◆ Exercise directions: Transcribe the full listing without changing a word, and omit its pictures.

◆ Records provided:

* * * *

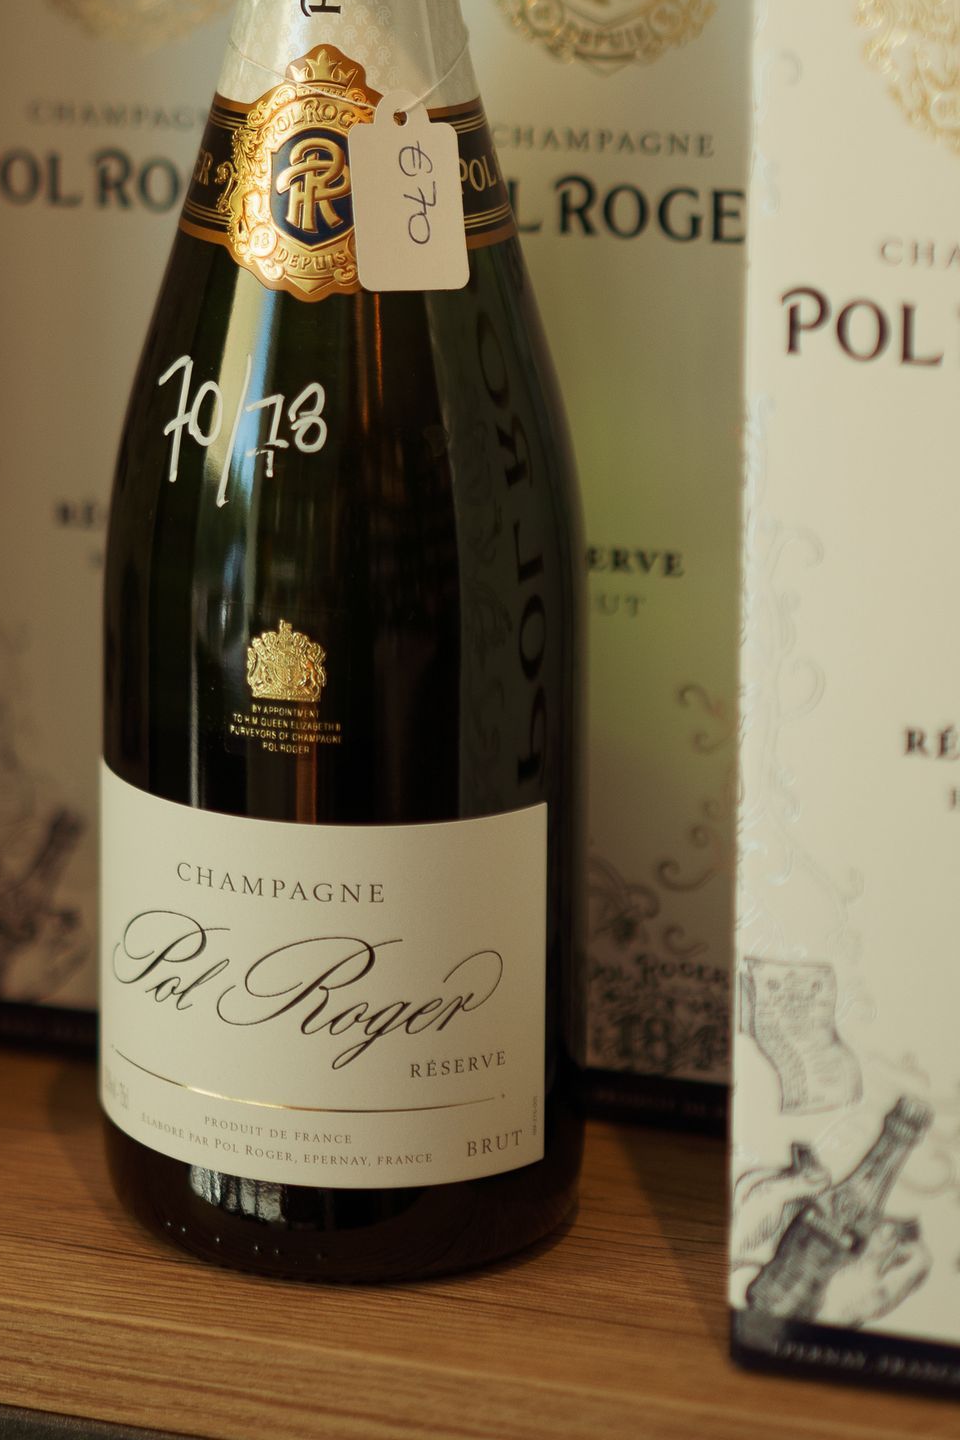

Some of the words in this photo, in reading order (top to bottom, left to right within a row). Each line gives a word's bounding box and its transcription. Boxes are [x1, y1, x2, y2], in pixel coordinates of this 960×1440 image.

[273, 246, 348, 273] DEPUIS
[781, 287, 945, 366] POL
[260, 717, 289, 729] QUEEN
[263, 706, 320, 719] APPOINTMENT
[230, 723, 277, 740] PURVEYORS
[176, 860, 386, 904] CHAMPAGNE
[112, 909, 231, 1011] Pol
[216, 936, 504, 1070] Roger
[410, 1050, 506, 1079] RÉSERVE
[204, 1115, 264, 1137] PRODUIT
[269, 1128, 287, 1140] DE
[294, 1131, 353, 1145] FRANCE
[466, 1129, 524, 1158] BRUT
[214, 1138, 239, 1154] POL
[245, 1144, 298, 1164] ROGER,
[303, 1153, 372, 1168] EPERNAY,
[377, 1153, 433, 1166] FRANCE
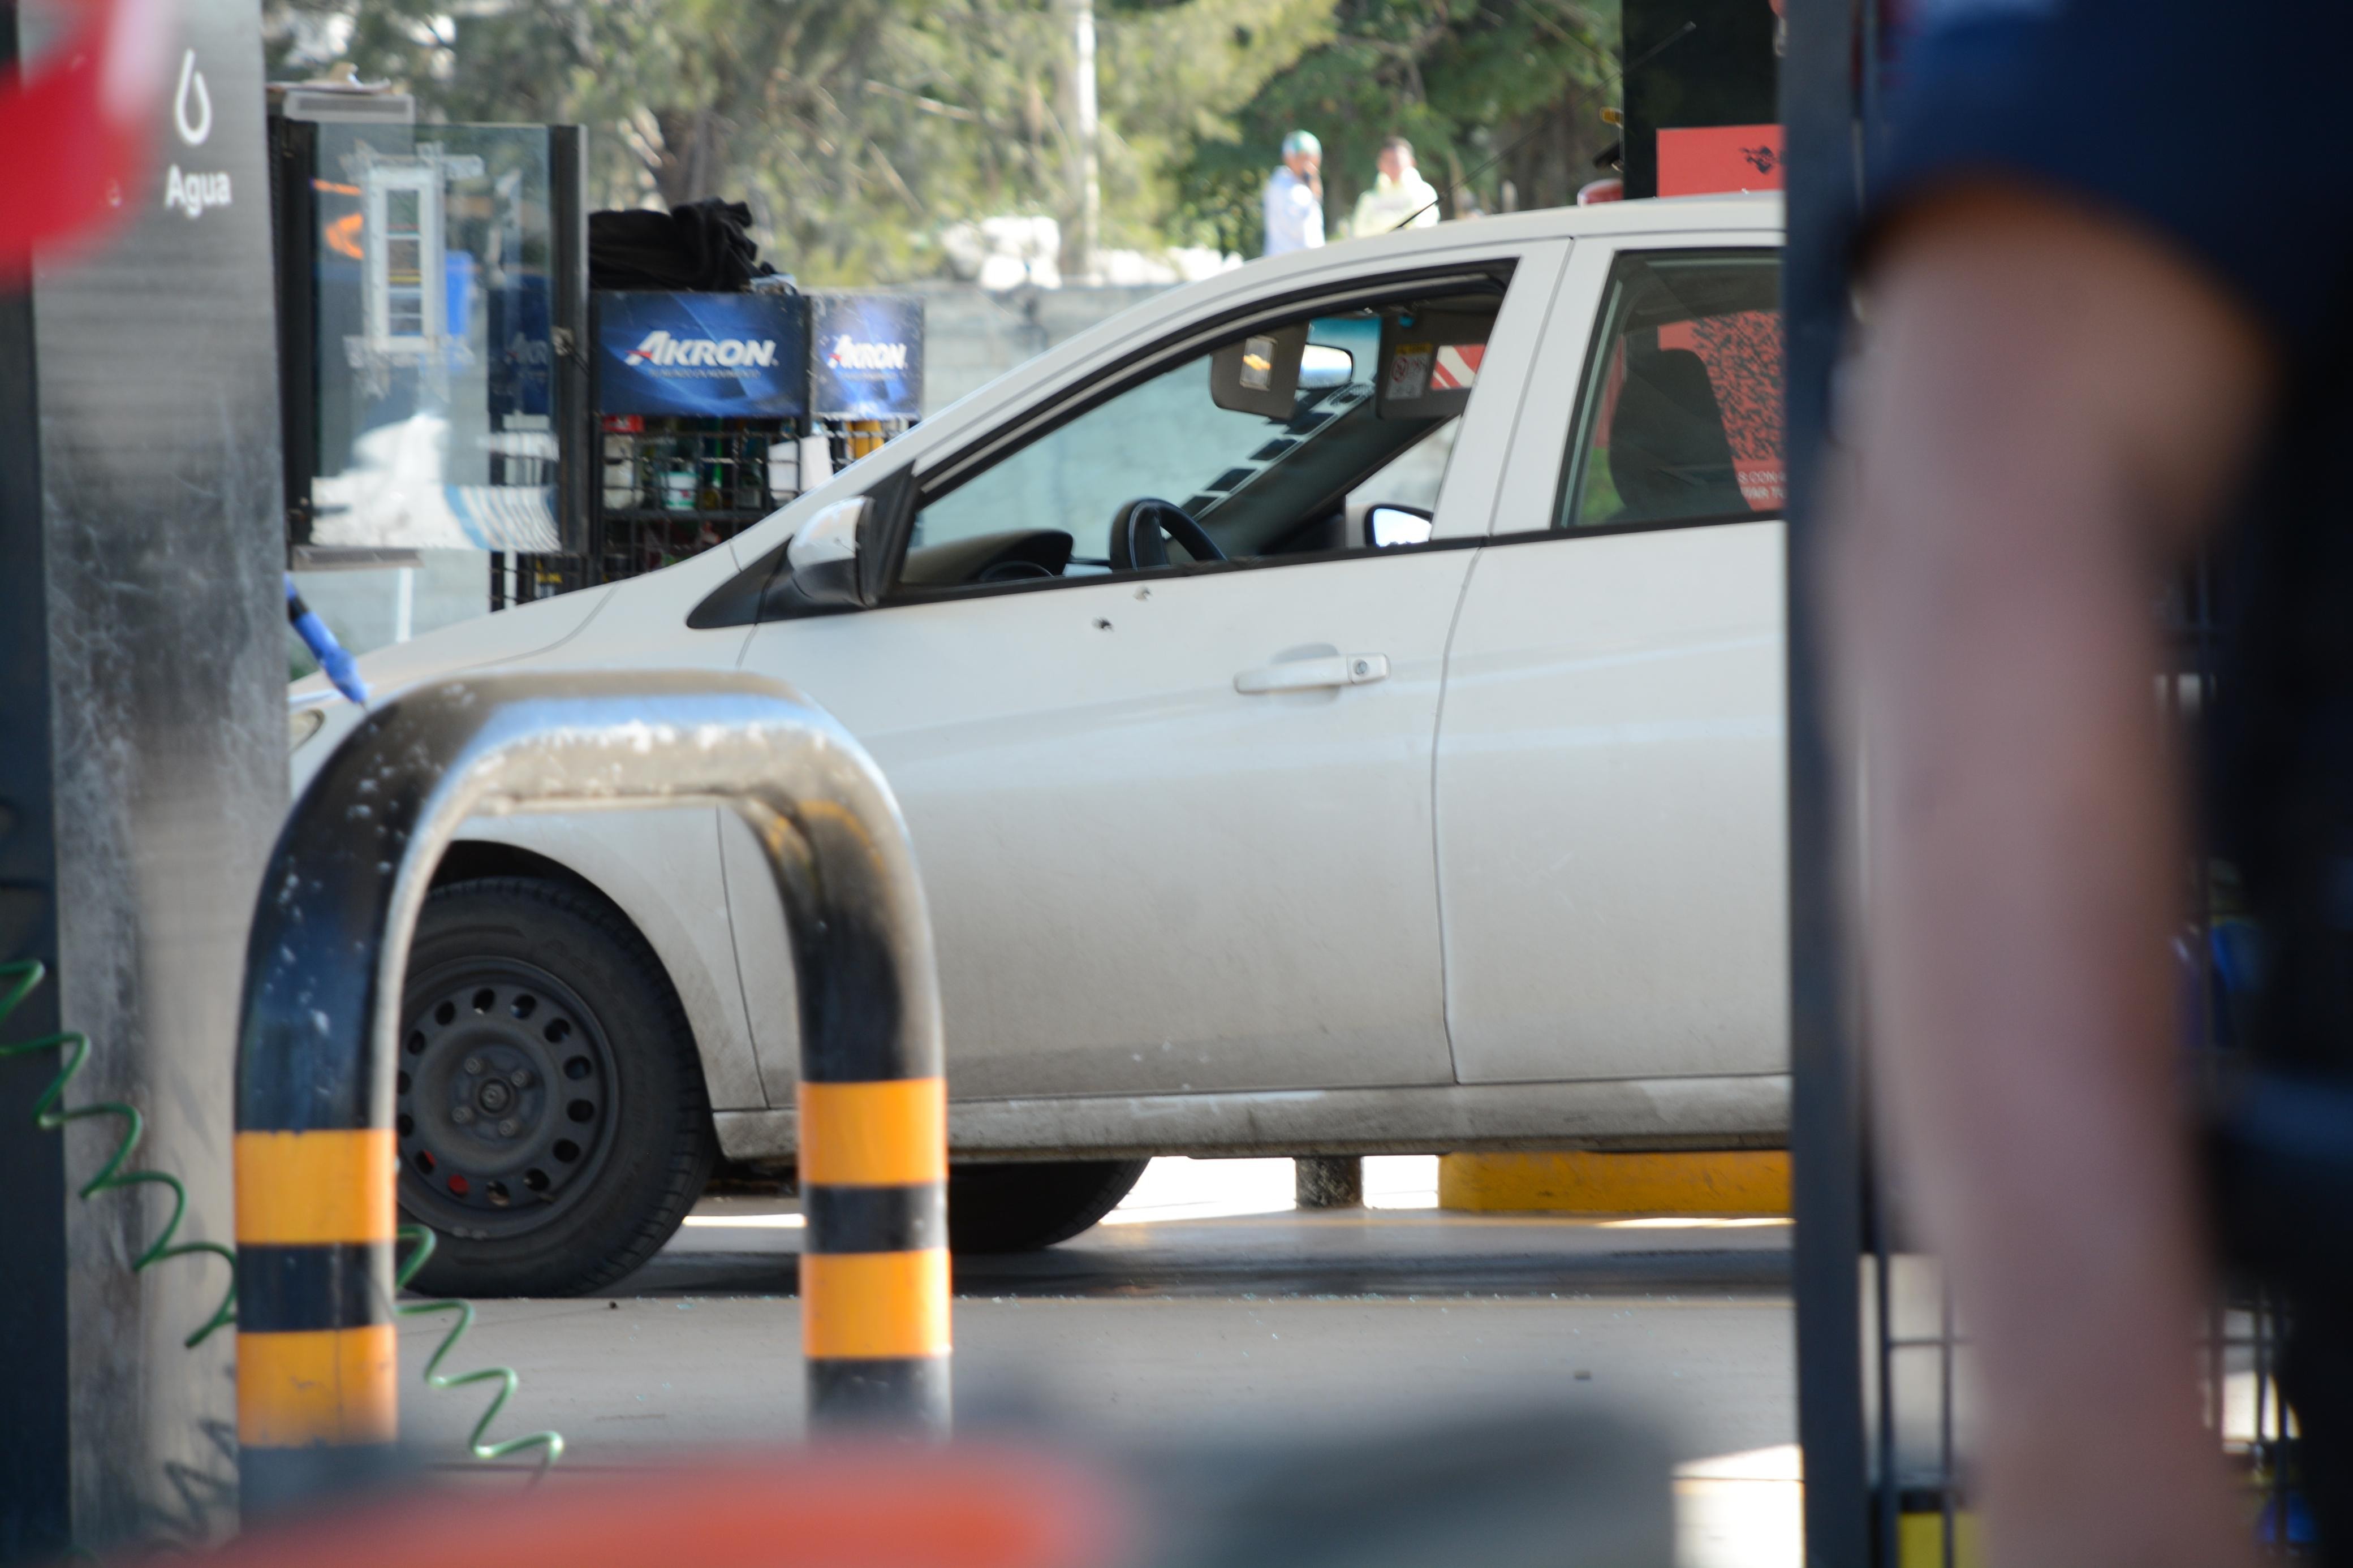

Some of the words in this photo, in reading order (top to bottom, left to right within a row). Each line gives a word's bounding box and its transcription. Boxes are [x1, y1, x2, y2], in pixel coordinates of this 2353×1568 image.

[165, 163, 232, 218] Agua
[624, 331, 775, 366] AKRON
[828, 335, 907, 369] AKRON
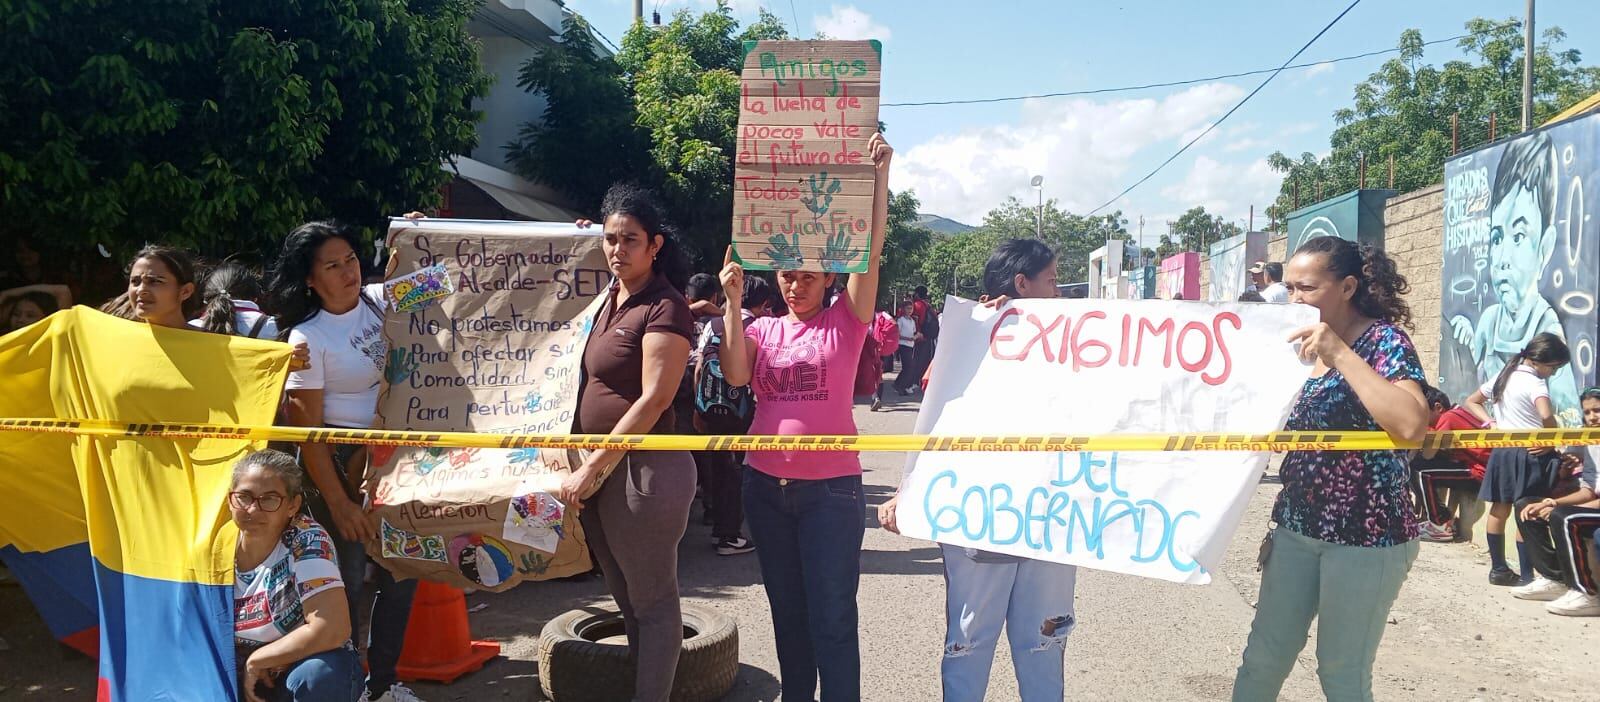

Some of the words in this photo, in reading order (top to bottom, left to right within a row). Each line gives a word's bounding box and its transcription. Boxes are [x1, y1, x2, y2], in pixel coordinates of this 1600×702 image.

[758, 52, 867, 97] Amigos
[836, 82, 861, 110] de
[743, 124, 804, 150] pocos
[739, 140, 758, 165] el
[769, 140, 831, 176] futuro
[834, 144, 862, 165] de
[736, 176, 801, 201] Todos
[780, 209, 829, 236] Juan
[1447, 199, 1466, 227] QUE
[413, 235, 444, 267] Sr
[409, 309, 440, 336] No
[451, 303, 571, 352] protestamos
[461, 335, 538, 369] afectar
[549, 344, 574, 357] su
[989, 308, 1242, 386] EXIGIMOS
[951, 444, 1013, 452] PELIGRO
[1019, 444, 1039, 452] NO
[1045, 443, 1083, 452] PASE
[1194, 443, 1262, 451] PELIGRO
[1267, 443, 1290, 453] NO
[1296, 442, 1336, 451] PASE
[1050, 451, 1128, 498] DEL

* * * *

◆ Task response:
Some of the words in this photo, in reading order (top to bottom, left to right within a row). Each line gives a word's bounding box and its transcription. Boxes are [x1, y1, x2, y2], in pixel coordinates of this 960×1440 image.

[273, 246, 348, 273] DEPUIS
[781, 287, 945, 366] POL
[260, 717, 289, 729] QUEEN
[263, 706, 320, 719] APPOINTMENT
[230, 723, 277, 740] PURVEYORS
[176, 860, 386, 904] CHAMPAGNE
[112, 909, 231, 1011] Pol
[216, 936, 504, 1070] Roger
[410, 1050, 506, 1079] RÉSERVE
[204, 1115, 264, 1137] PRODUIT
[269, 1128, 287, 1140] DE
[294, 1131, 353, 1145] FRANCE
[466, 1129, 524, 1158] BRUT
[214, 1138, 239, 1154] POL
[245, 1144, 298, 1164] ROGER,
[303, 1153, 372, 1168] EPERNAY,
[377, 1153, 433, 1166] FRANCE

Some of the words in this photo, in reading order (top to bottom, left to right within a row). Each line gives a word's bounding box and its transcription. Boxes are [x1, y1, x2, y2], in pixel coordinates of this 2353×1568 image.

[165, 163, 232, 218] Agua
[624, 331, 775, 366] AKRON
[828, 335, 907, 369] AKRON

Some of the words in this photo, in reading order (top to bottom, left to right within a row). Each line gives a word's bounding box and its transcription. Boxes are [x1, y1, x2, y2], in pixel coordinates of this 1600×702 image.

[758, 52, 867, 97] Amigos
[836, 82, 861, 110] de
[743, 124, 804, 150] pocos
[739, 140, 758, 165] el
[769, 140, 831, 176] futuro
[834, 144, 862, 165] de
[736, 176, 801, 201] Todos
[780, 209, 829, 236] Juan
[1447, 199, 1466, 227] QUE
[413, 235, 444, 267] Sr
[409, 309, 440, 336] No
[451, 303, 571, 352] protestamos
[461, 335, 538, 369] afectar
[549, 344, 574, 357] su
[989, 308, 1242, 386] EXIGIMOS
[951, 444, 1013, 452] PELIGRO
[1019, 444, 1039, 452] NO
[1045, 443, 1083, 452] PASE
[1194, 443, 1262, 451] PELIGRO
[1267, 443, 1290, 453] NO
[1296, 442, 1336, 451] PASE
[1050, 451, 1128, 498] DEL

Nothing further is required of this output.